Having a good Parliamentary team matters for its direct impact on Parliament, and matters also because the Parliamentary team is a key component of the party’s wider policy making process, its shop front to the public and for the major party it plays in the leadership of our organisation.
That applies just as much for the Lords as it does for the Commons, save that it is easier to get right for the Lords as groups of people are appointed all in one go. Democratic elections of people to a panel are good but also, as we know from experiences with selections for the Commons, not a great way to select the best overall team as people are voting for individuals, not for a team mix.
So a reformed interim peers panel should reflect the understandable desire of party leaders to get a team mix right, and face up therefore to the implication – party leaders need more flexibility than the current system in theory offers. Offer up more flexibility, and then they are more likely to actually use the system. Two-thirds elected via the interim peers panel system, one-third selected by the leader would be a good balance.
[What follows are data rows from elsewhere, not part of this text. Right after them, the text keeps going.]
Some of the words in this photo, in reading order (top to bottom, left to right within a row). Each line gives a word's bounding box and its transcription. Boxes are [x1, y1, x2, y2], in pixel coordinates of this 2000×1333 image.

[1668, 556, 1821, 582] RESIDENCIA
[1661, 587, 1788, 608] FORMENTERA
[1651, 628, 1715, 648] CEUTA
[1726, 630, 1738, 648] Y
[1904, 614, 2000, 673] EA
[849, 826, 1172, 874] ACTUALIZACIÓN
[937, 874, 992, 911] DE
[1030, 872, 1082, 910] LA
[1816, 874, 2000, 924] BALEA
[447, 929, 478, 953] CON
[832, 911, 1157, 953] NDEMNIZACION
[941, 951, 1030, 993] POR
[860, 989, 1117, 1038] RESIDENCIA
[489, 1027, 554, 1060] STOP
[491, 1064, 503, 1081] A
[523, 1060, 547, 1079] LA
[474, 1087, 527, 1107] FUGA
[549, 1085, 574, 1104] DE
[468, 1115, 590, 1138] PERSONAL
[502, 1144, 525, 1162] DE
But it should also be harder for a party leader to ignore the system. The wider the democratic mandate selections are seen to have, the more that is achieved. The party schedules an all-postal ballot of party members every two years already with the Presidential election. Make that a Presidential and peers panel election, and there can be much greater democratic input at not unreasonable cost. (I would also throw in a regional element to it, having members from each region vote for regional candidates, who then make up an overall list, as that way we can get geographical balance even though the party’s membership is not so balanced. London-list style zipping and BME-balance can also be easily added in to help the system overcome some of the inbuilt biases that come from the wider state of society.)
Opening up the electorate to the wider party members would still mean that many party activists would do well. It would also mean that a person newer to party politics with a very impressive and relevant professional career has a decent chance. Just look at Parliamentary selections to see how both sorts of people can fight and win.
As a minor but helpful detail, giving party members more power over who ends up in Parliament not only makes a rotten system a bit better, it also makes party membership more attractive to the party’s supporters and helpers.
Having been elected to the interim peers panel last time, I don’t know whether such a system would help or hinder my chances in future. What I do know, is that it would be a better system, one more likely to be used and one that would make the Lords a little bit more democratic until that day when we can finally reform it.